As artificial intelligence becomes increasingly embedded in the fabric of academic life, universities, researchers, and students are being forced to confront a rapidly changing landscape of ethical expectations. Once straightforward questions about authorship, originality, and academic honesty now require new rules, new vigilance, and new ways of thinking. The rise of generative AI tools has opened remarkable opportunities for research innovation but it has also exposed the academy to unprecedented risks.
The Evolving Nature of Plagiarism
Plagiarism was once defined primarily as copying another person’s words without acknowledgement (Gregory & Leeman, 2021; Hutson, 2024). Today, the boundaries have blurred. Generative AI tools can produce essays, code, literature reviews, or lab reports that do not directly copy any existing text. The output is “original” in a technical sense but not in an intellectual one.
This raises fundamental questions:
- If AI produced the work, who is the author?
- Can a student claim originality if the content was generated, not constructed through learning?
- How should institutions differentiate between legitimate AI support and academic misconduct?
As a result, many universities are updating plagiarism policies to account for AI-generated writing, emphasising that academic integrity is not solely about text matching, but is about transparency, intellectual ownership, and learning purpose(Tarisayi, 2023).
AI-Assisted Writing: Tool or Shortcut?
AI writing tools can help students refine ideas, check grammar, and learn structure. For researchers, AI can summarise literature, generate search terms, or help organise drafts functions that can enhance academic productivity when used responsibly.
However, the temptation to over-rely on AI is strong.
Dr Muringa cautions that,
“When students use AI to produce entire assignments, critical thinking, academic argumentation, and subject mastery disappear. When researchers use AI to generate literature reviews or analysis, the risks extend to flawed interpretations, hallucinated references, ethical breaches, and compromised research credibility.”
The challenge is therefore not AI itself, but the degree and transparency of its use. Academic work should reflect human judgement something no AI can replace.
Ethical Review Boards Under Pressure
Institutional Review Boards (IRBs) and ethics committees now face new dilemmas. AI tools raise questions about:
- data privacy and consent,
- the ethics of using AI-generated participants or synthetic data,
- intellectual property in machine-generated content,
- authorship attribution when AI contributes to research outputs, and
- bias embedded in AI systems.
Ethics committees must therefore evolve to ensure that research involving AI upholds fairness, accuracy, and participant protection. This requires updated guidelines, training for reviewers, and clear policies on the responsible use of AI in all stages of the research process.

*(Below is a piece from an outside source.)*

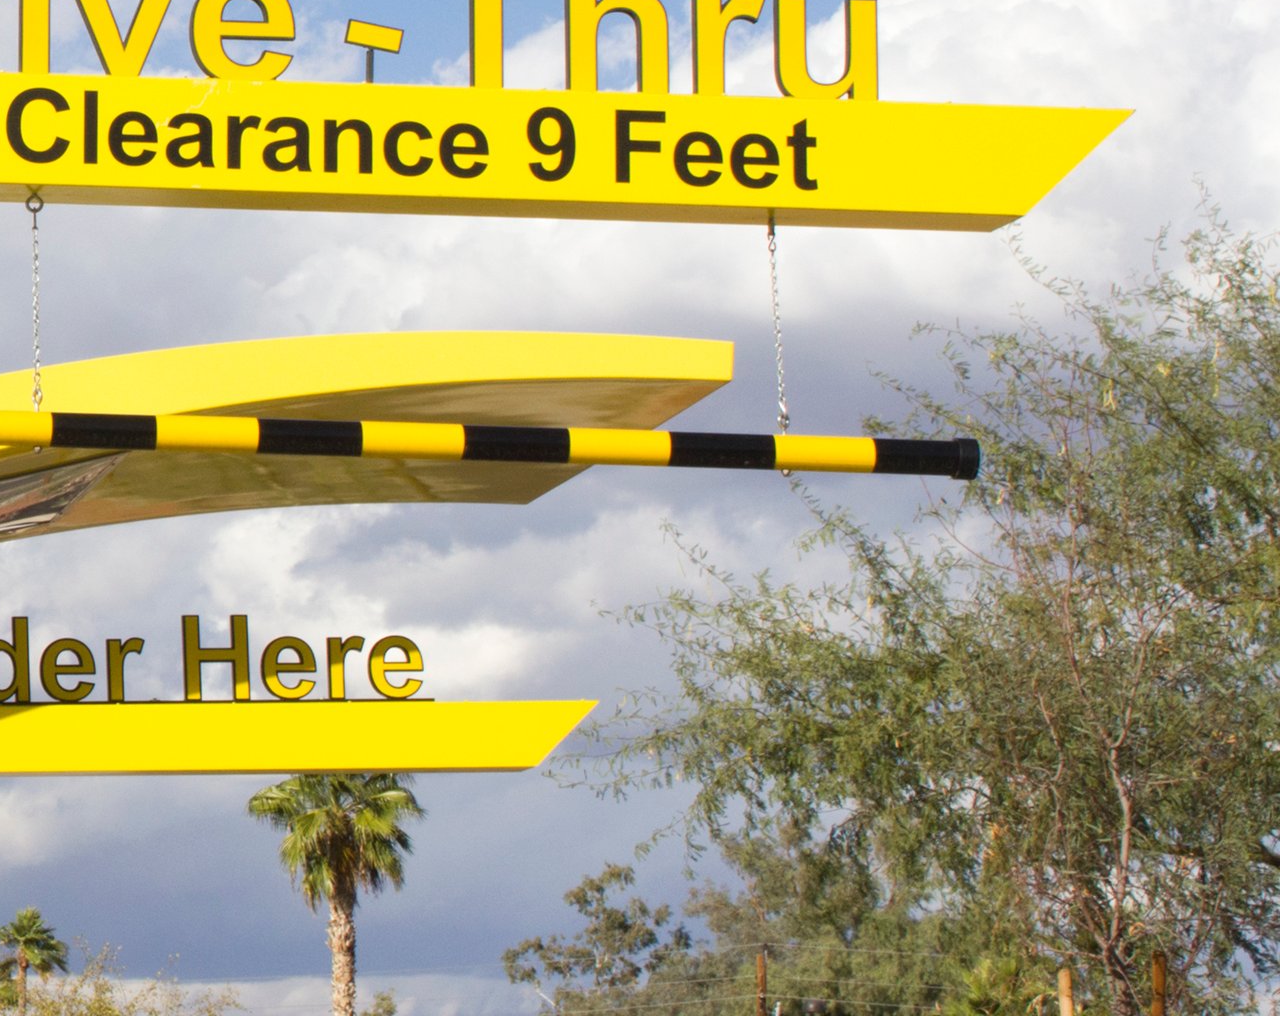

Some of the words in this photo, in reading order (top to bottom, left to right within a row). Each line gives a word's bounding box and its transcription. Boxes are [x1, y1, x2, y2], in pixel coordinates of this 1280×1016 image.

Academic Honesty: A Shared Responsibility
As the academic world transitions into an AI-enhanced era, cultivating a culture of honesty becomes even more essential. Dr Gilbert notes that “integrity is no longer simply about avoiding misconduct, it is about consciously engaging with technology in a way that preserves the purpose of education and research.”
This requires:
- Clear institutional policies that define acceptable AI use.
- Transparent disclosure guidelines for students and scholars.
- Pedagogical redesign, ensuring assessments measure thinking rather than tool use.
- Capacity-building for staff, enabling lecturers and supervisors to detect and manage AI misuse.
- Ethical literacy for students, so they understand how AI can aid learning without undermining it.
Additionally, Dr Gilbert emphasises that “ultimately, the academic community must embrace AI as a valuable ally while safeguarding the principles that give scholarship its meaning.”
Integrity in a New Era
Artificial intelligence is not the first disruptive technology to challenge academic norms, but its scale and speed are unprecedented. The future of academic integrity will depend on how institutions, scholars, and students respond by balancing innovation with responsibility.
AI can strengthen research, accelerate learning, and enhance creativity. But it can also erode trust if used carelessly. As the academic world adapts, one truth remains constant: integrity must remain at the heart of scholarship, no matter how powerful our tools become.
References
Gregory, A. and Leeman, J., 2021. On the perception of plagiarism in academia: Context and intent. arXiv preprint arXiv:2104.00574.
Hutson, J., 2024. Rethinking plagiarism in the era of generative AI. Journal of Intelligent Communication, 4(1).
Tarisayi, K.S., 2025. Lustre and shadows: Unveiling the gaps in South African University plagiarism policies amidst the emergence of AI-generated content. AI and Ethics, 5(1), pp.245-251.